La señora Holmes le sonrió. –Verás, comenzaré con Anthea. Ella es una chica de alta clase, como debes saber, los omegas de alta clase son educados en casa, prometidos desde que se sabe su condición a algún alfa. Cuando Anthea cumplió la edad en la que, normalmente, los omegas tienen ciclos su prometido fue por ella. Se pensaba hacer el enlace en el momento que el calor comenzara. –Ella bebió de su taza de té, luego la colocó frente a ella y la alejó. –Pero nada sucedió, ella no tuvo ciclos y su prometido la dejó. –John frunció los labios, preocupado. –Ella tenía veinte años cuando conoció a Mycroft… -Melissa sonrió. –Y un mes después tuvo su primer ciclo, para ese momento ya estaba unida simbólicamente a mi hijo.

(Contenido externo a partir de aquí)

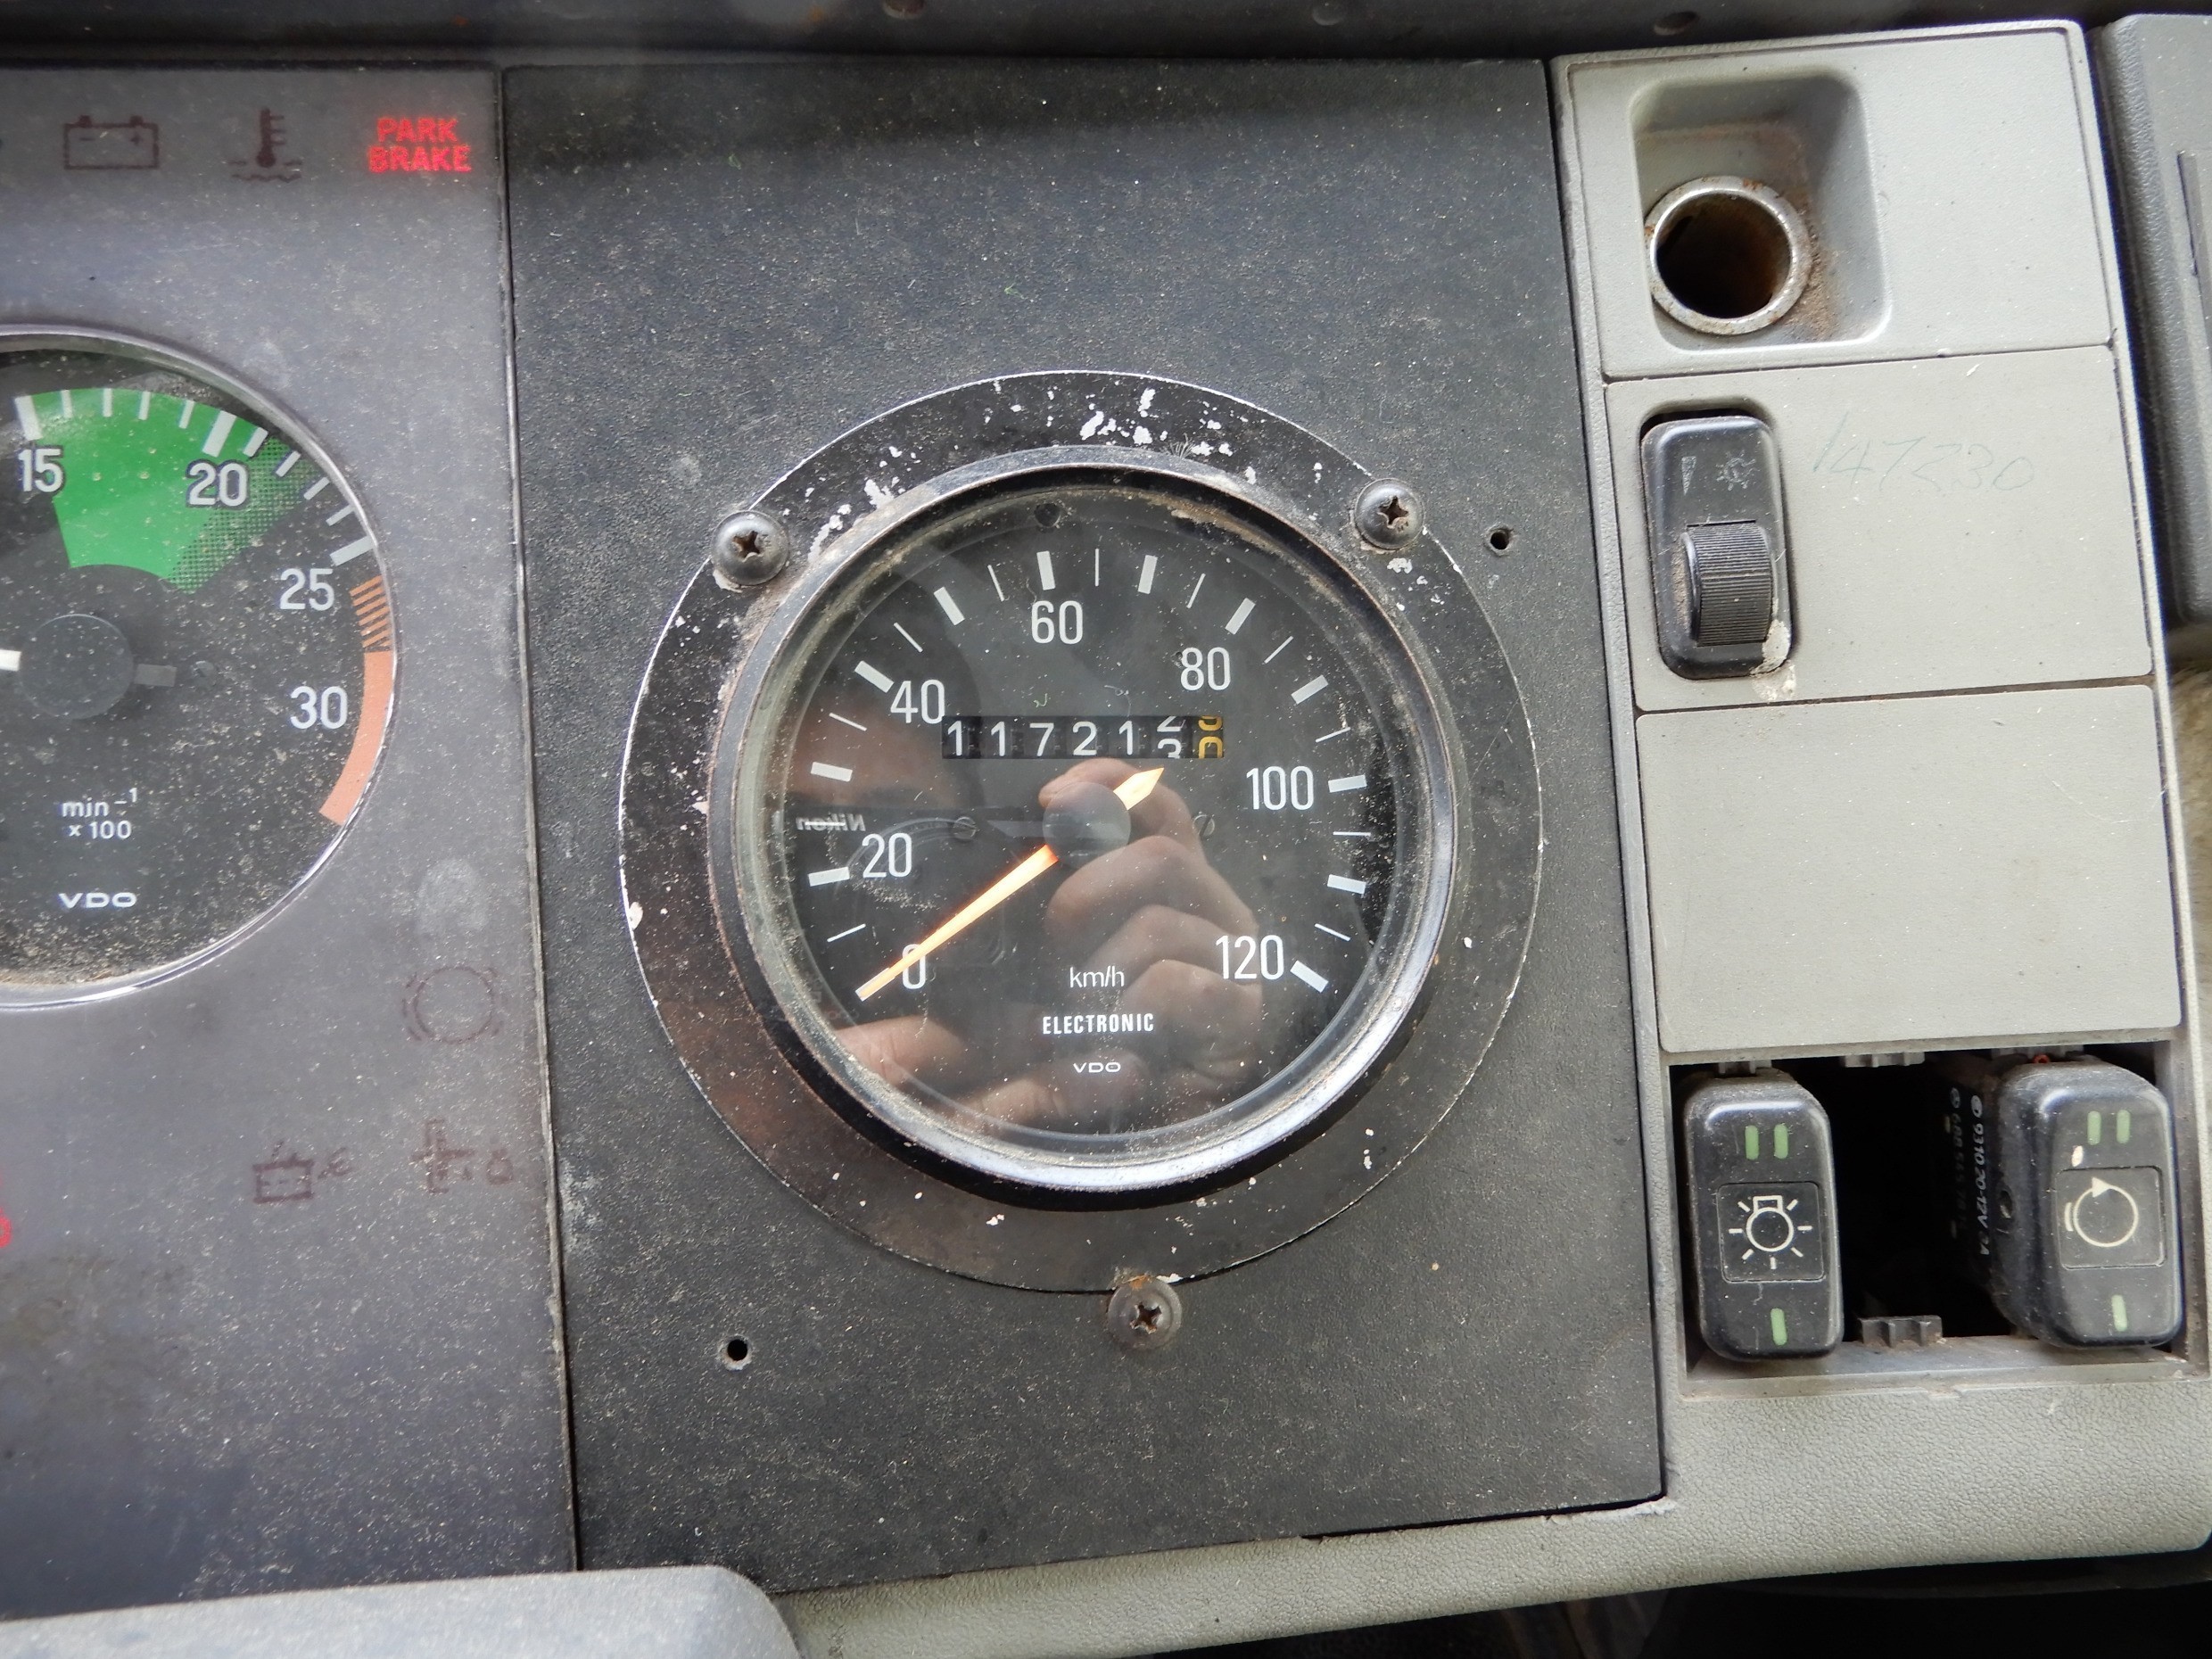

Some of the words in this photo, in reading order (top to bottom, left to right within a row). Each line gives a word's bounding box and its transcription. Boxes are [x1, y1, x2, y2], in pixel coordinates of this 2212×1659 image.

[376, 116, 459, 143] PARK
[367, 145, 472, 173] BRAKE
[18, 448, 64, 493] 15
[186, 462, 248, 507] 20
[279, 568, 335, 611] 25
[1031, 600, 1084, 645] 60
[1179, 647, 1232, 691] 80
[289, 685, 349, 730] 30
[890, 679, 945, 724] 40
[1246, 765, 1315, 811] 100
[862, 832, 912, 879] 20
[58, 892, 138, 909] VDO
[901, 944, 928, 990] 0
[1069, 965, 1125, 988] km/h
[1215, 934, 1285, 980] 120
[1042, 1012, 1154, 1035] ELECTRONIC
[1072, 1061, 1122, 1074] VDO

John se mojó los labios con la lengua, sin entender lo que sucedía. -¿Ella es feliz?
-Increíblemente feliz, estar con Mycroft le hace sentir completa. –La señora Holmes se inclinó un poco, John hizo lo mismo. –Conocí al señor Holmes cuando tenía quince años, nos unimos simbólicamente porque yo no tenía ciclos aún. Pasó mucho tiempo para que yo tuviera un ciclo, fueron cinco años. –Ella sonrió. –Fue cuando me enamoré de él. Era tan parecido a Sherlock, nunca tenía tiempo para mí, viajaba todo el tiempo y rara vez estaba en casa, siempre lejos de mí, no conocía nada de él, sabía que se llamaba Arthur y que odiaba la vida hogareña. Yo pertenecía a esa vida, supuse que por eso nunca podría amarme. –Melissa se acercó un poco más a él. –Tuvo un accidente, una caída del caballo, amaba la equitación. Fue obligado a permanecer en cama por dos semanas, no quise entrometerme por eso nunca fui a verlo… pero un día cualquiera él pidió por mí. Fue una sorpresa, él nunca pedía para verme.
John se sintió enfermo, cinco años sin saber de Sherlock, eso era simplemente horrible. Toda la semana pudo verlo pocas veces, sólo estaba ahí, como un mueble hasta que el mismo chico le pedía salir de la habitación o se iba repentinamente del laboratorio a su habitación, lugar en el que John no entraría a menos que fuera literalmente invitado. Pero la señora Holmes le hablaba de soledad total.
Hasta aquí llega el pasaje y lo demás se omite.